EXERCISE DESCRIPTION –
Every entry needs to be printed exactly, please.

SOURCE DATA –
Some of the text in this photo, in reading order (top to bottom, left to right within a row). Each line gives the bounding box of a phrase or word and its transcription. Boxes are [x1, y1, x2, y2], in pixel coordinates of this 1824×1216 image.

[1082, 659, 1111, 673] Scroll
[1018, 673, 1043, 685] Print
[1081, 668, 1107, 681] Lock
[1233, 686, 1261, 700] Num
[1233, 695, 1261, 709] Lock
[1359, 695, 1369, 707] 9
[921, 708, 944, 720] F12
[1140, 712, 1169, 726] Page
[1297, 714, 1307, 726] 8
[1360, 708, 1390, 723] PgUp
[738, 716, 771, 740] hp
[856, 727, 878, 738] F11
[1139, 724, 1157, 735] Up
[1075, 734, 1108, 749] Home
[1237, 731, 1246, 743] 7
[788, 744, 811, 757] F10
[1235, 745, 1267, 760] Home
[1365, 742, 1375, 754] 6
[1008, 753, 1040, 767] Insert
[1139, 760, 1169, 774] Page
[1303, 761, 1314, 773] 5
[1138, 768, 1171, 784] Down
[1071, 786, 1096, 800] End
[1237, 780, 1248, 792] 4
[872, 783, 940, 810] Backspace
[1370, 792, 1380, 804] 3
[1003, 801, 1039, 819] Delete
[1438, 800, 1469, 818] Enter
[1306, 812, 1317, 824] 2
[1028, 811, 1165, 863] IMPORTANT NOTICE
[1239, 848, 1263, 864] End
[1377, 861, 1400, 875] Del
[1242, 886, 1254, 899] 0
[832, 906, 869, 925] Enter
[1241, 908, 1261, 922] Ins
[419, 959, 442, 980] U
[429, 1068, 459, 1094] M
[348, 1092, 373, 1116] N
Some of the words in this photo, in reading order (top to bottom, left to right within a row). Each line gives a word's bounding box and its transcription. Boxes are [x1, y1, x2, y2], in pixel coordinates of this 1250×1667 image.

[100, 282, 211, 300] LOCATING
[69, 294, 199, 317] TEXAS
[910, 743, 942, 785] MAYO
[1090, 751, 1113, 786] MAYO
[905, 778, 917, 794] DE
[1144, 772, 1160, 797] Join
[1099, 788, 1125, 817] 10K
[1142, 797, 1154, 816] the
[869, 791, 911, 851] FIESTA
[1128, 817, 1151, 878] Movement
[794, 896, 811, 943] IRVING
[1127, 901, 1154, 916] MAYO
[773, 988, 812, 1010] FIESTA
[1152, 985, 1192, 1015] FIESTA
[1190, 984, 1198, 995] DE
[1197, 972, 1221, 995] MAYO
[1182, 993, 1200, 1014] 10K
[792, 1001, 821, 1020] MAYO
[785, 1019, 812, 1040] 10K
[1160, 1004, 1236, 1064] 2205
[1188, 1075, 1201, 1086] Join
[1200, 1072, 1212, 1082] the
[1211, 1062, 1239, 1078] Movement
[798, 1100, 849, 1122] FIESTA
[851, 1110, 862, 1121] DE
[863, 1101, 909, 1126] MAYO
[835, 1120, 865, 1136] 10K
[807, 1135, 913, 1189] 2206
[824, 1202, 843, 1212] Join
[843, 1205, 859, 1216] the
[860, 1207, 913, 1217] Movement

ANSWER –
Some of the text in this photo, in reading order (top to bottom, left to right within a row). Each line gives the bounding box of a phrase or word and its transcription. Boxes are [x1, y1, x2, y2], in pixel coordinates of this 1824×1216 image.

[1082, 659, 1111, 673] Scroll
[1018, 673, 1043, 685] Print
[1081, 668, 1107, 681] Lock
[1233, 686, 1261, 700] Num
[1233, 695, 1261, 709] Lock
[1359, 695, 1369, 707] 9
[921, 708, 944, 720] F12
[1140, 712, 1169, 726] Page
[1297, 714, 1307, 726] 8
[1360, 708, 1390, 723] PgUp
[738, 716, 771, 740] hp
[856, 727, 878, 738] F11
[1139, 724, 1157, 735] Up
[1075, 734, 1108, 749] Home
[1237, 731, 1246, 743] 7
[788, 744, 811, 757] F10
[1235, 745, 1267, 760] Home
[1365, 742, 1375, 754] 6
[1008, 753, 1040, 767] Insert
[1139, 760, 1169, 774] Page
[1303, 761, 1314, 773] 5
[1138, 768, 1171, 784] Down
[1071, 786, 1096, 800] End
[1237, 780, 1248, 792] 4
[872, 783, 940, 810] Backspace
[1370, 792, 1380, 804] 3
[1003, 801, 1039, 819] Delete
[1438, 800, 1469, 818] Enter
[1306, 812, 1317, 824] 2
[1028, 811, 1165, 863] IMPORTANT NOTICE
[1239, 848, 1263, 864] End
[1377, 861, 1400, 875] Del
[1242, 886, 1254, 899] 0
[832, 906, 869, 925] Enter
[1241, 908, 1261, 922] Ins
[419, 959, 442, 980] U
[429, 1068, 459, 1094] M
[348, 1092, 373, 1116] N
Some of the words in this photo, in reading order (top to bottom, left to right within a row). Each line gives a word's bounding box and its transcription. Boxes are [x1, y1, x2, y2], in pixel coordinates of this 1250×1667 image.

[100, 282, 211, 300] LOCATING
[69, 294, 199, 317] TEXAS
[910, 743, 942, 785] MAYO
[1090, 751, 1113, 786] MAYO
[905, 778, 917, 794] DE
[1144, 772, 1160, 797] Join
[1099, 788, 1125, 817] 10K
[1142, 797, 1154, 816] the
[869, 791, 911, 851] FIESTA
[1128, 817, 1151, 878] Movement
[794, 896, 811, 943] IRVING
[1127, 901, 1154, 916] MAYO
[773, 988, 812, 1010] FIESTA
[1152, 985, 1192, 1015] FIESTA
[1190, 984, 1198, 995] DE
[1197, 972, 1221, 995] MAYO
[1182, 993, 1200, 1014] 10K
[792, 1001, 821, 1020] MAYO
[785, 1019, 812, 1040] 10K
[1160, 1004, 1236, 1064] 2205
[1188, 1075, 1201, 1086] Join
[1200, 1072, 1212, 1082] the
[1211, 1062, 1239, 1078] Movement
[798, 1100, 849, 1122] FIESTA
[851, 1110, 862, 1121] DE
[863, 1101, 909, 1126] MAYO
[835, 1120, 865, 1136] 10K
[807, 1135, 913, 1189] 2206
[824, 1202, 843, 1212] Join
[843, 1205, 859, 1216] the
[860, 1207, 913, 1217] Movement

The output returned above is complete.